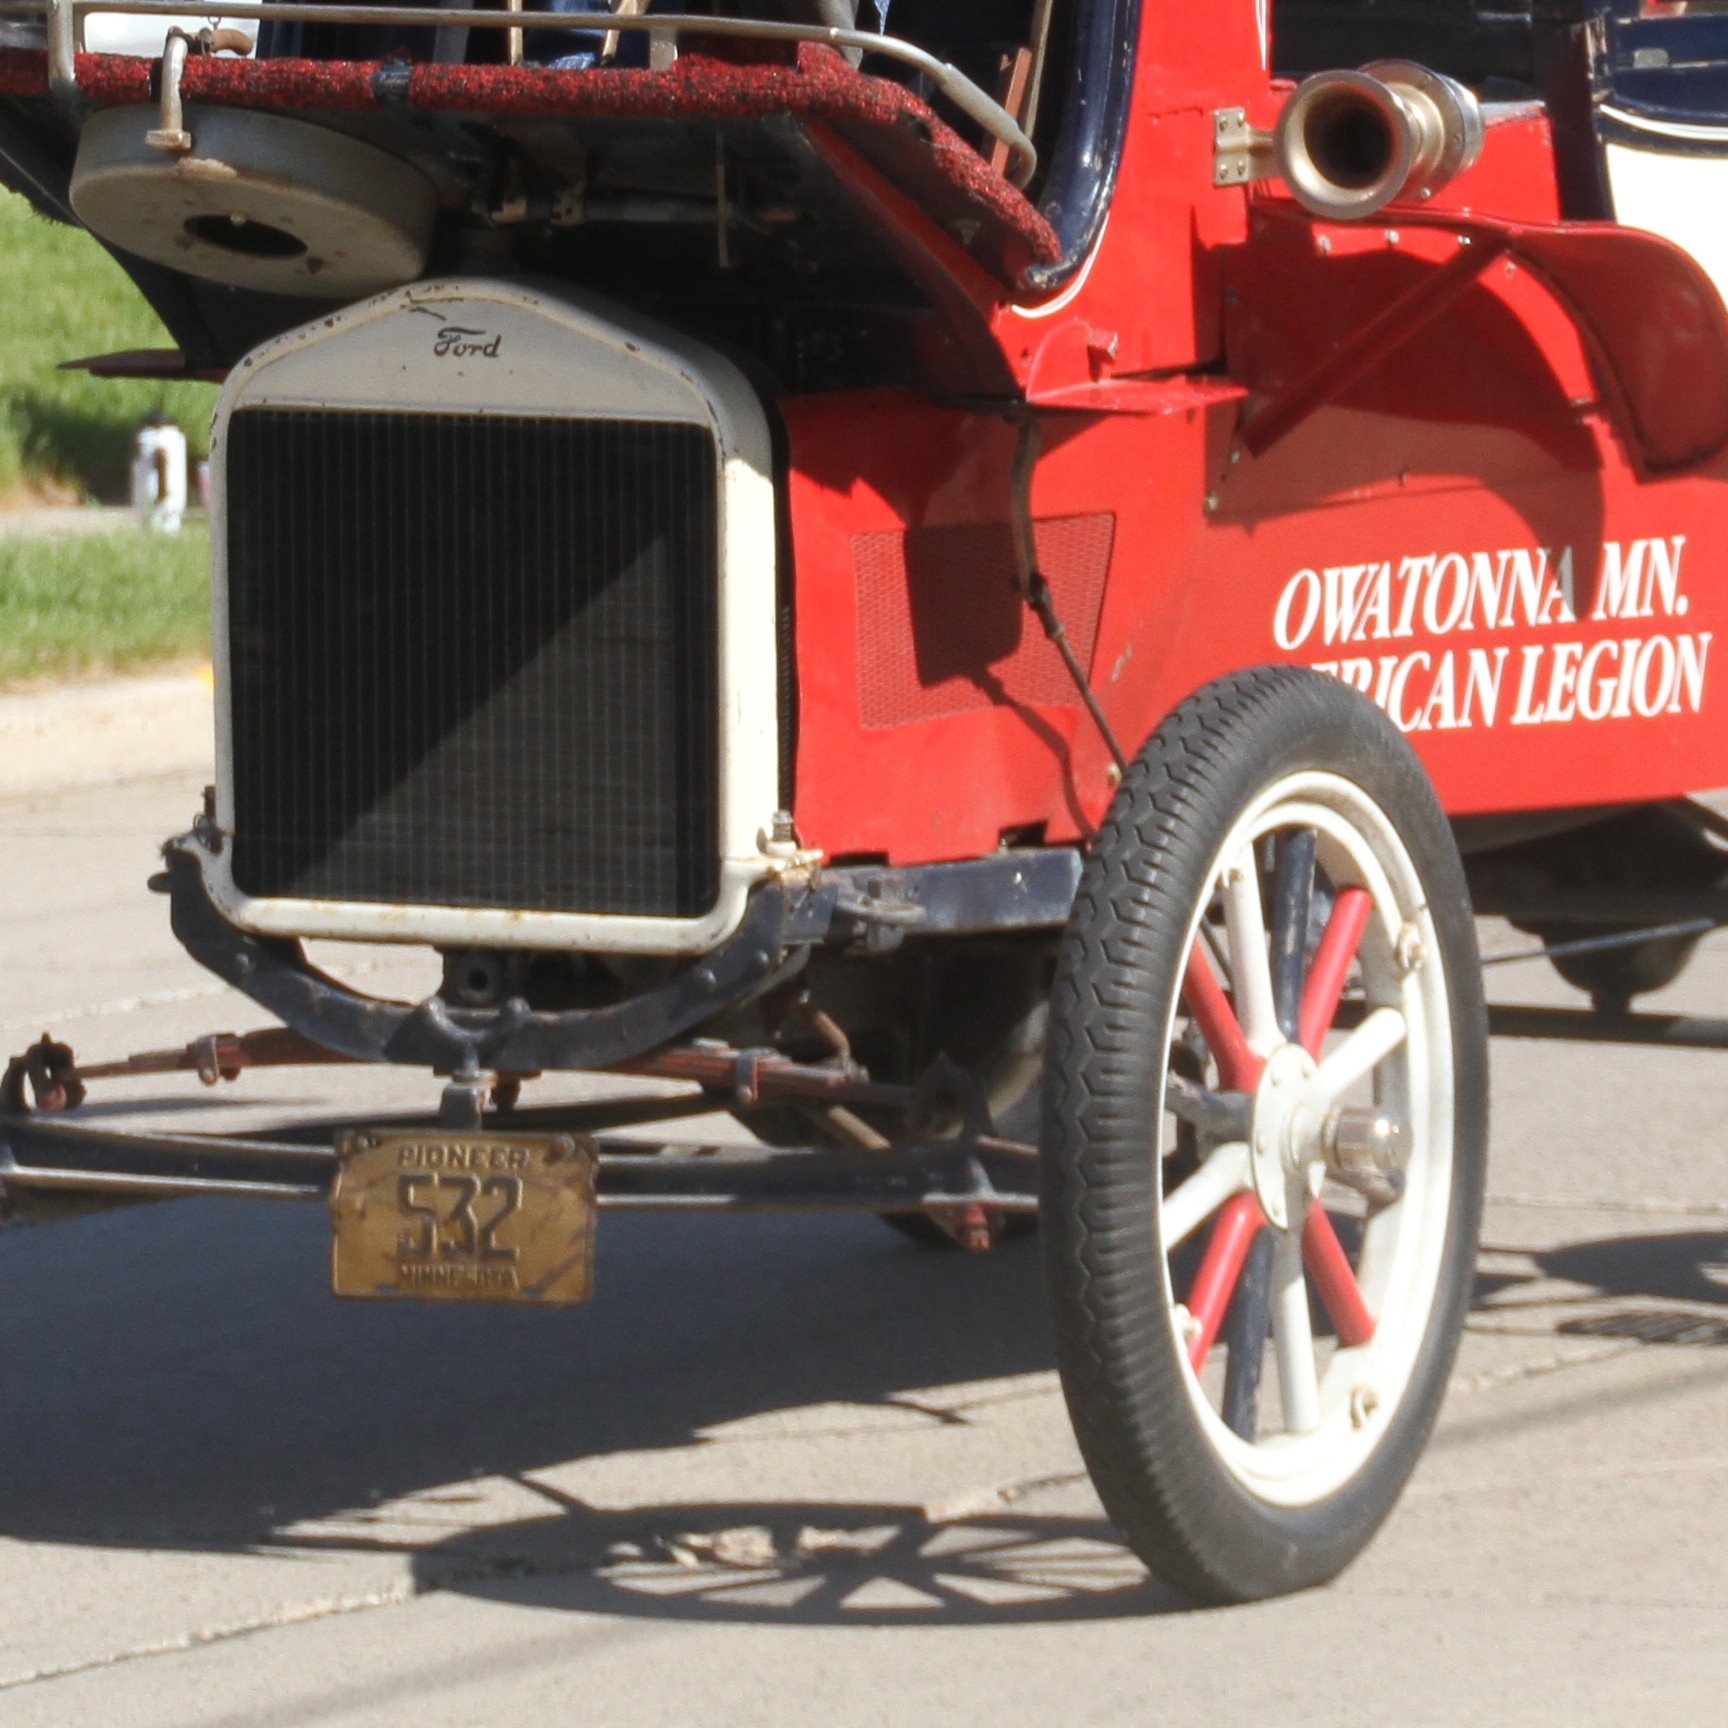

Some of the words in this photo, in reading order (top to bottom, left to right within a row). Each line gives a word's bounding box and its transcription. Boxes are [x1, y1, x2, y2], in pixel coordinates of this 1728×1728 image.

[434, 327, 502, 358] Ford
[1273, 543, 1578, 651] OWATONNA
[1592, 535, 1689, 621] MN.
[1311, 647, 1509, 733] RICAN
[1511, 632, 1712, 727] LEGION
[398, 1143, 531, 1170] PIONEER
[397, 1170, 524, 1261] 532
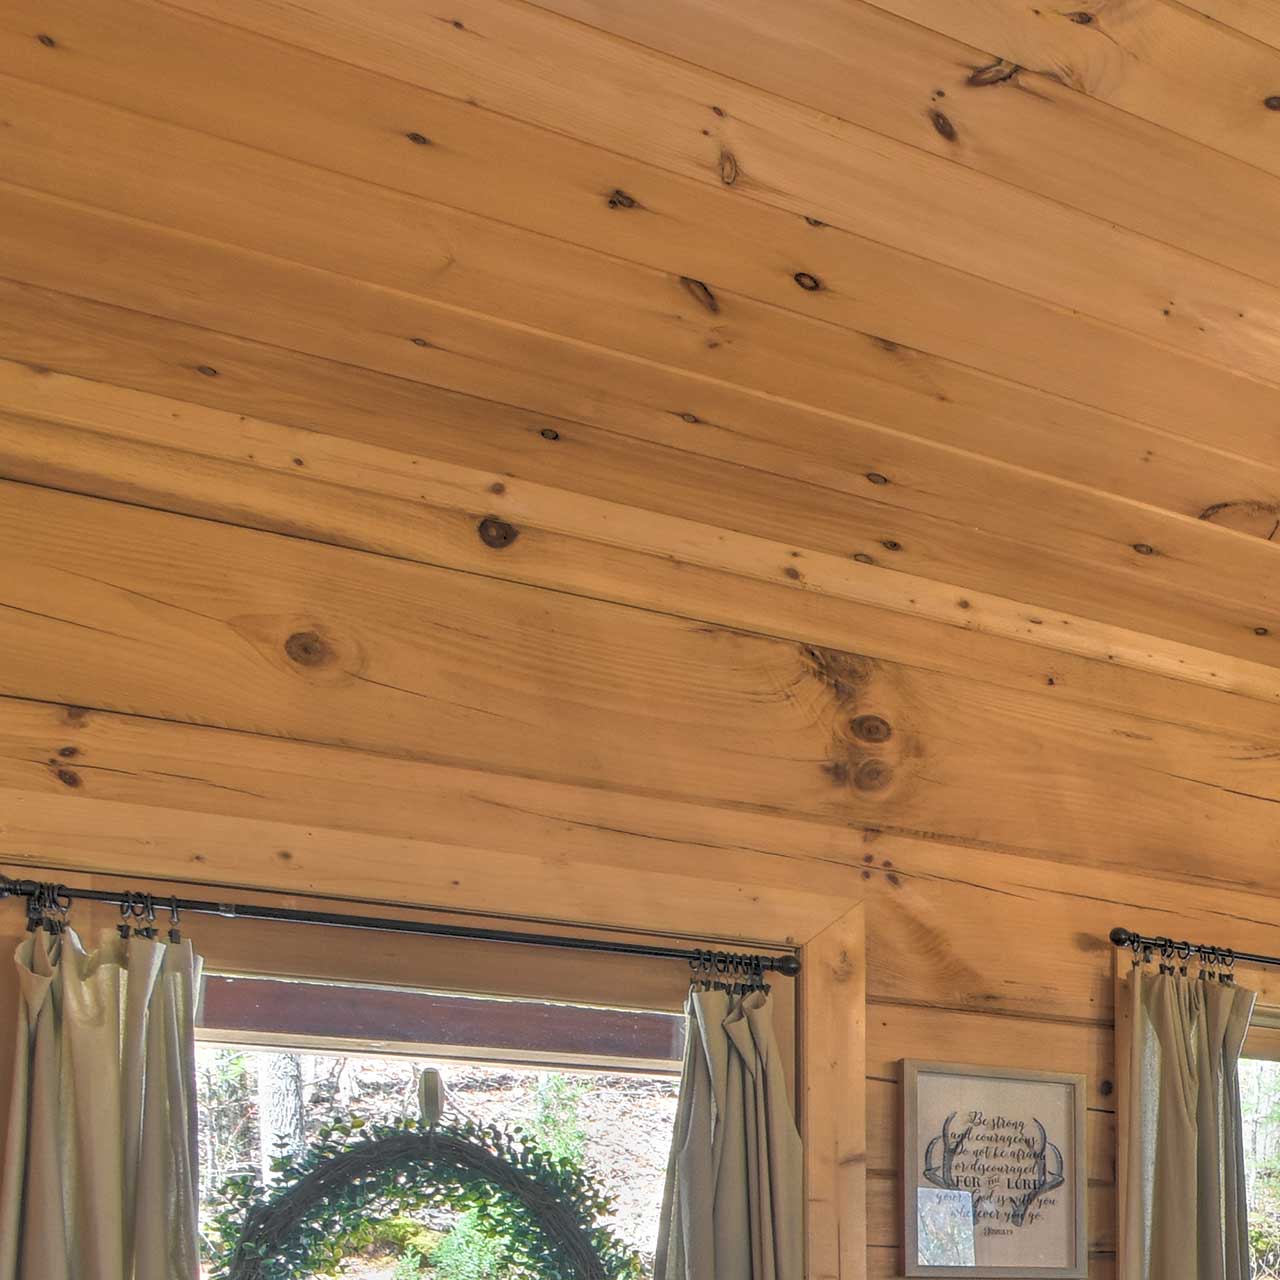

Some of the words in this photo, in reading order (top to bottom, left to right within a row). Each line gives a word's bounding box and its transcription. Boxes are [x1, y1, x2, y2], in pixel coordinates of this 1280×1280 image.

+ + + + +

### What is being asked
The listing above should be returned word for word, with pictures omitted.

### Answer box
Some of the words in this photo, in reading order (top to bottom, left to right within a row). Each line gives a word's bounding box and its transcription. Boxes are [x1, y1, x2, y2], in pixel coordinates of this 1728×1728 image.

[434, 327, 502, 358] Ford
[1273, 543, 1578, 651] OWATONNA
[1592, 535, 1689, 621] MN.
[1311, 647, 1509, 733] RICAN
[1511, 632, 1712, 727] LEGION
[398, 1143, 531, 1170] PIONEER
[397, 1170, 524, 1261] 532

Some of the words in this photo, in reading order (top to bottom, left to right within a row). Each line gives a word's bounding box and its transcription. Boxes are [x1, y1, x2, y2], in pixel coordinates of this 1280×1280 image.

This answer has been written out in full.